One of the many impacts of the COVID-19 crisis has been to highlight the role of quantitative models in our lives. Ideas associated with modeling, such as flattening the curve of disease transmission, are now regularly discussed in the media and among families and friends. Across the globe, we are trying to understand the numbers and what they mean for us.

Forward-looking models aren’t new. They have long played an important but unseen role in day-to-day life—for instance, in pricing homeowners’ insurance, anticipating the weather, and deciding how many iPhones to manufacture. However, in the COVID-19 pandemic, the scale of impact and the level of uncertainty have introduced new challenges—and notoriety—for modelers.

Used properly, models provide information that can present a framework for understanding a situation. But they aren’t crystal balls that state with certainty what will happen, and they don’t in themselves answer the difficult question of what to do. The eminent British statistician George Box summarized the point with his famous aphorism: “All models are wrong, but some are useful.” And he refined it by saying, “Since all models are wrong, the scientist must be alert to what is importantly wrong. It is inappropriate to be concerned about mice when there are tigers abroad.”

This article explains how models can help us make sense of the world and why they behave the way they do (see sidebar “What is a model?”). We also discuss the most common modeling pitfalls and how to avoid them.

The power of models

Making decisions in the face of uncertainty is challenging, particularly during a pandemic. Quantitative models can help us understand systems and behaviors in a number of useful ways that help navigate this ambiguous environment.

Clarifying which drivers matter

Models structure data in support of reasoned decision making by restricting variables to those that matter for a particular question. For example, when developing a demographic model to help civic leaders plan future community needs, key drivers could be birth rates, death rates, and new-job creation. Models can help users understand what is known about each element and identify the areas of continuing uncertainty.

Determining how much an input can matter

Models are well suited to exposing sensitivities: they show how even small changes in key assumptions can produce large variations in outcomes, helping decision makers establish priorities. An obvious case in point related to the COVID-19 pandemic is the massive impact of even small adjustments in the transmission rate of infection. By establishing sensitivities, models pinpoint areas for investment of effort or money to reduce uncertainty.

Facilitating discussions about the future

Models expose how different assumptions lead to different outcomes. Through discussion of modeling results, decision makers can form a collective judgement on scenarios to plan for, based on the multiple variables considered, and thus reach practical decisions (see sidebar “Building a quantitative model while using it”). For example, models were used to enable policy makers to weigh the benefits of requiring seatbelts against the moral hazard of encouraging people to drive faster. Not only do models trigger discussion, but they may force a more nuanced and evidence-based approach to decision making. In many cases, that is more important than the specific output itself.

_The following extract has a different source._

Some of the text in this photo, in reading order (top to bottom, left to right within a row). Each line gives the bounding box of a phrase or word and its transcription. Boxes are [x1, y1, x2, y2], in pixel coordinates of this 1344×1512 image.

Pitfalls to avoid when using models

A model is simply a tool, and, as with any tool, its value highly correlates with the way it is used. Models can be broken down into three main components: raw data, assumptions that define what the model does with the data, and final output. The relative importance of assumptions and data varies by model. Google Search’s autofill, for example, is mostly data driven, while the adage about waiting an hour before swimming is driven by assumptions. Each part must be viewed with a critical lens; failure to do so can lead to poorly informed decisions.

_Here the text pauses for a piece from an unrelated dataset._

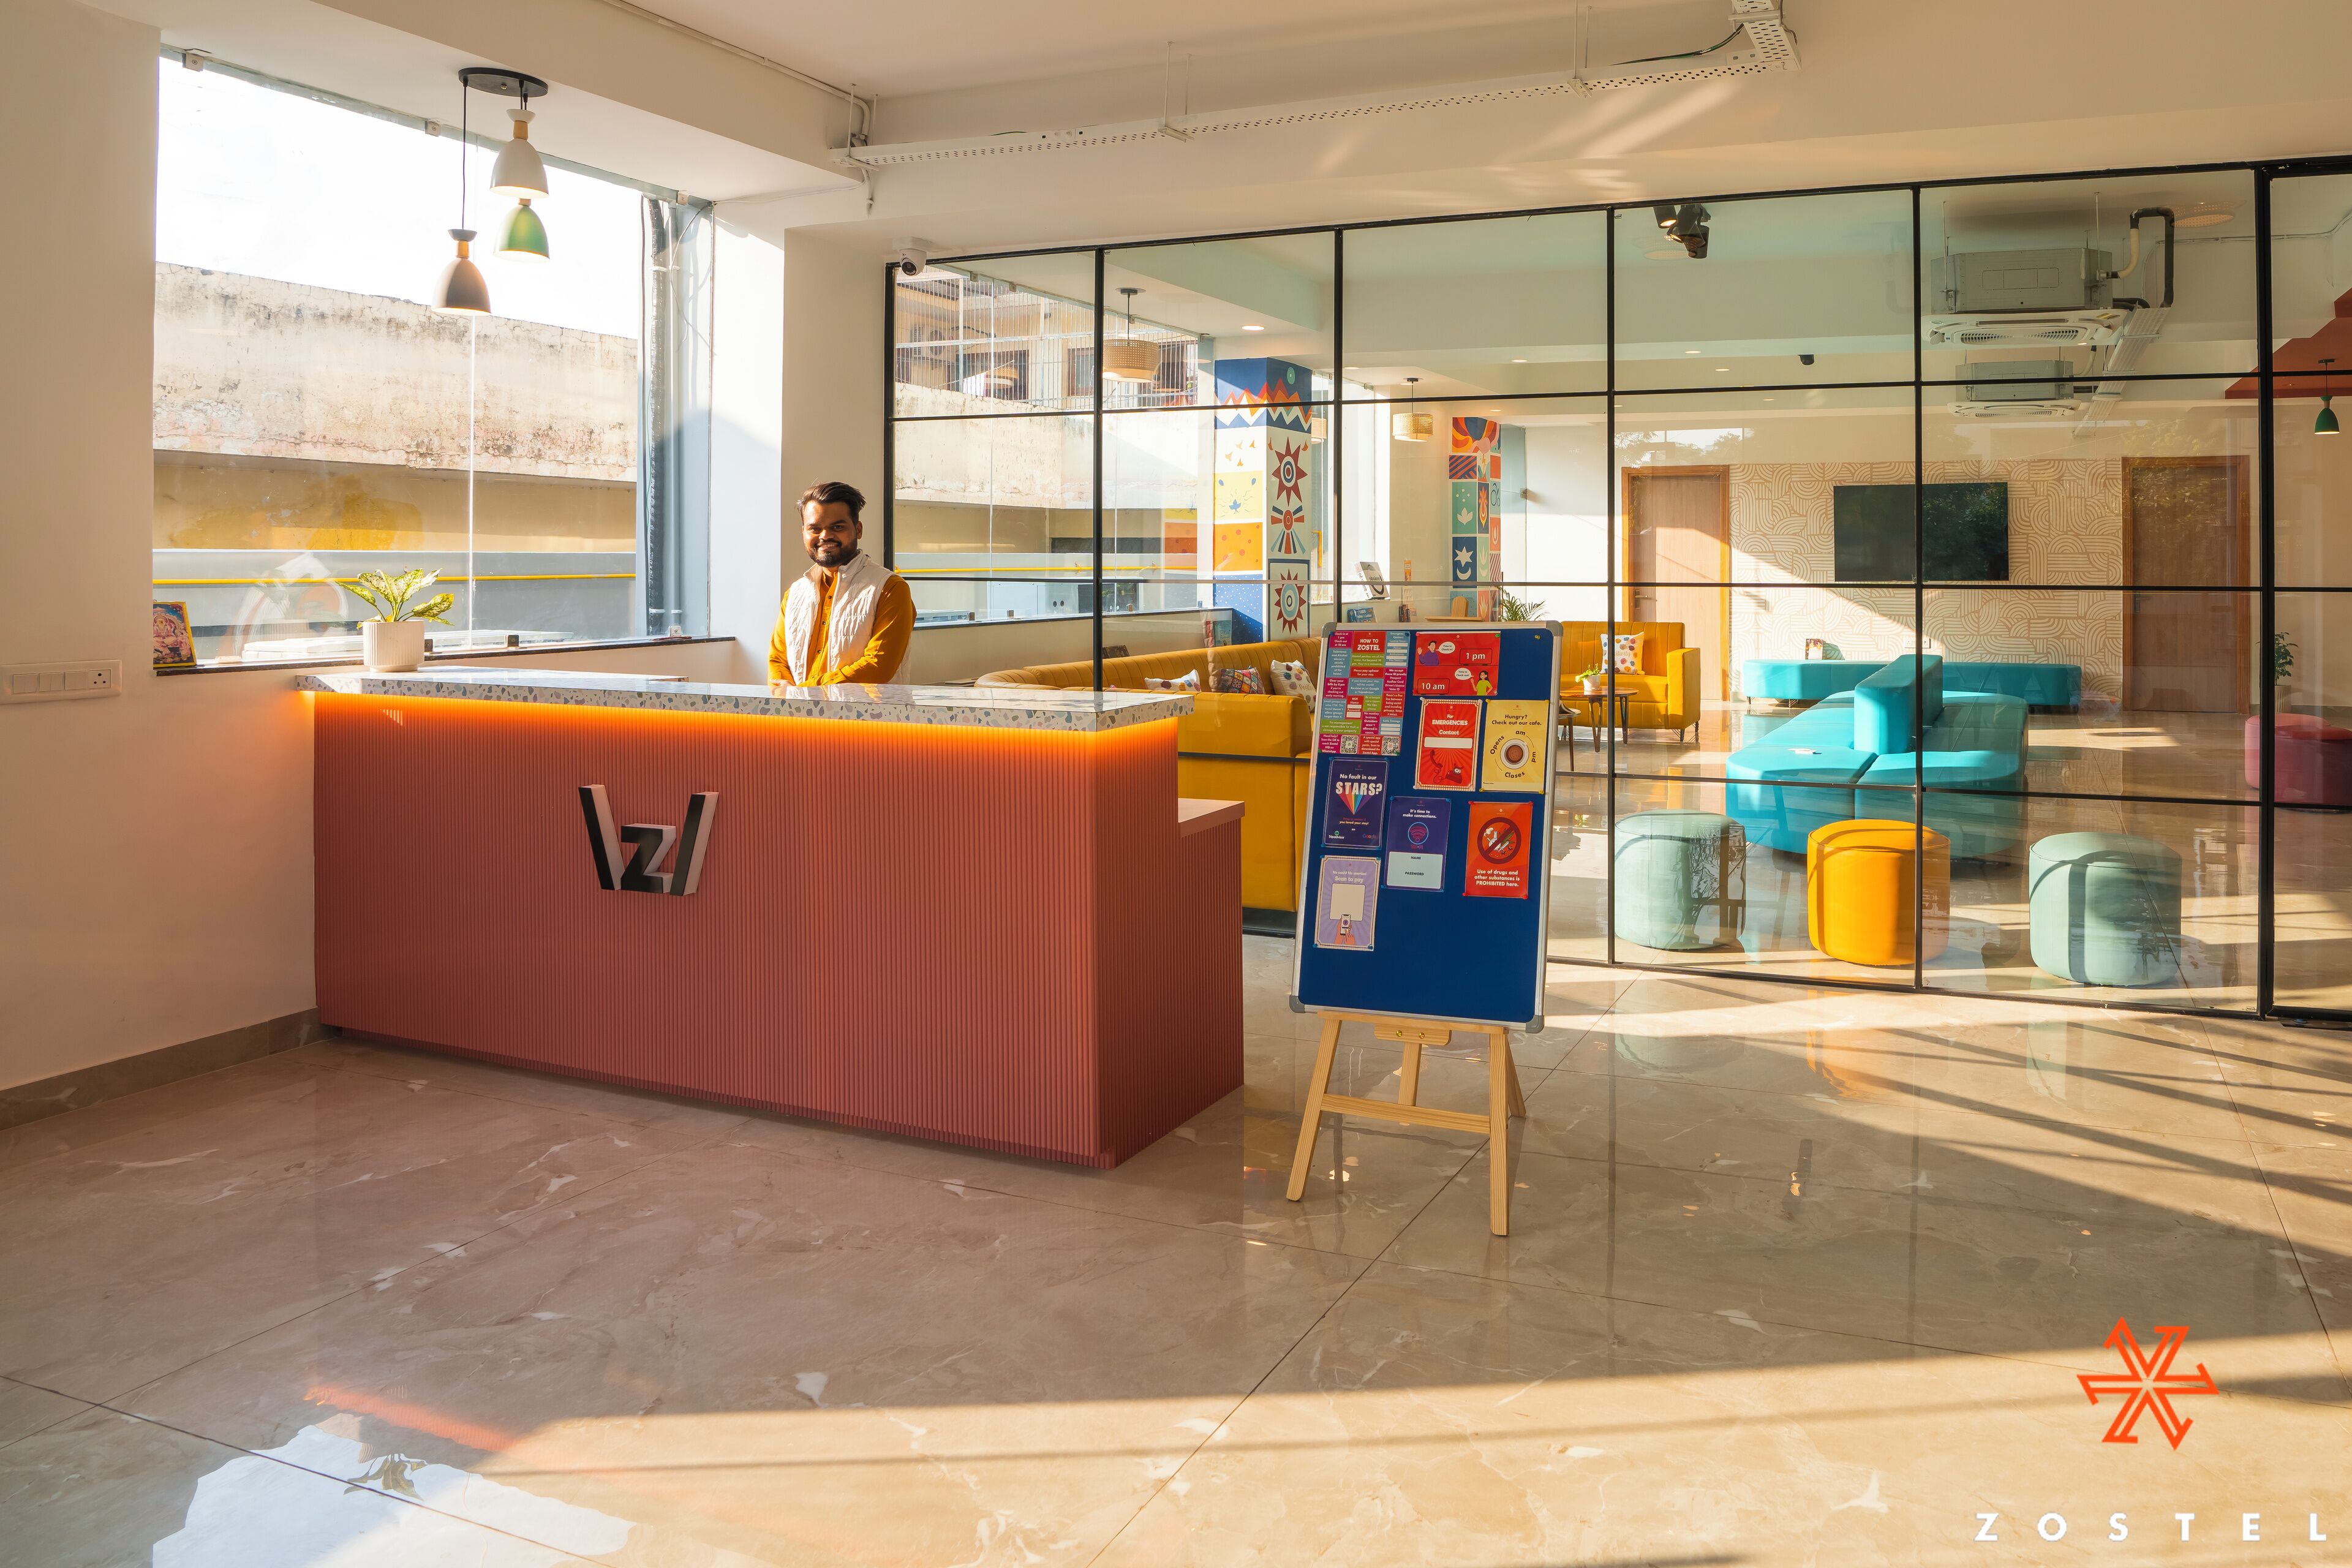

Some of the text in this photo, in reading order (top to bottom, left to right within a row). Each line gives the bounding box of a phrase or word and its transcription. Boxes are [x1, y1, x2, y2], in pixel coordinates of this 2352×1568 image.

Overlooking the fact that a model can’t fix bad data

A model is only as good as its underlying data, and data in a time of extreme uncertainty, such as a global pandemic, present a serious challenge. Just as rotten ingredients won’t produce a tasty dish no matter how good the recipe is, poor data lead to poor output from a model.

A model is only as good as its underlying data, and data in a time of extreme uncertainty, such as a global pandemic, present a serious challenge.

Data can be wanting for various reasons: too few data points, inconsistency, inaccuracy, or incorrectly generalizing from a particular data set. Modeling anything related to a novel virus entails the risk of using bad data. Virtually all the data series being collected about the COVID-19 crisis are incomplete or subject to caveats. For example, using data on the impacts of the COVID-19 pandemic in one geography to model potential impacts in another community can be problematic. Data might not be generalizable if the populations differ in important dimensions, such as age.

Taking assumptions and simplifications for granted

Assumptions aren’t facts; they should be subject to regular, searching review (see sidebar “The risks of bias in modeling”). For example, prior to the 2008 financial crisis, a key assumption in multiple models was that real-estate prices wouldn’t see major declines. Values had consistently increased in the precrisis years, so some began to take that assumption as a fact, thereby obscuring other possible scenarios.

Assumptions aren’t static; they are subject to change as we learn more, especially in novel circumstances. Estimated rates of death from COVID-19 have been constantly revised as our understanding has expanded. Models tell you what might happen if you believe specified things about different variables. Those ifs all need to be revisited frequently if the model is to remain relevant and useful.

Expecting too much certainty

Models aren’t designed to eliminate uncertainty but to limit the range of uncertainties in a given situation by showing what might happen in a variety of defined scenarios. Uncertainty can arise from the very structure of the model, basic assumptions, and ongoing data inputs. For example, hurricane models are an attempt to gain understanding of where hurricanes might make landfall. The models start with significant uncertainties around the path the hurricane might take, and the uncertainties decrease over time as landfall nears.

Usually, models provide guidance on possible futures given multiple inputs (see sidebar “Modeling philosophy for the COVID-19 pandemic”). That makes it dangerous to take a subset of a model’s outputs at a particular point in time as a singular reality. For example, in addition to a popular model for tracking COVID-19-related deaths and hospital demand, the Institute for Health Metrics and Evaluation has released a model that predicts daily infections and testing. For August 2, 2020, it predicts 80,130 infections, which seems very precise (and quotable). However, closer inspection appropriately shows a range of 45,595 to 156,889 infections.1 That is a huge range, but it doesn’t negate the usefulness of the model. It is an important indicator of the level of uncertainty that should be taken into account when making any subsequent decisions.


Ultimately, when using models to make decisions or when interpreting their outputs, there are several key questions to ask: How has this model simplified the world? What inputs does the model require, and how knowable, certain, and stable are those inputs? What are the outputs telling us, and what is the level of uncertainty? And lastly, how have users engaged with this model in the process of making decisions?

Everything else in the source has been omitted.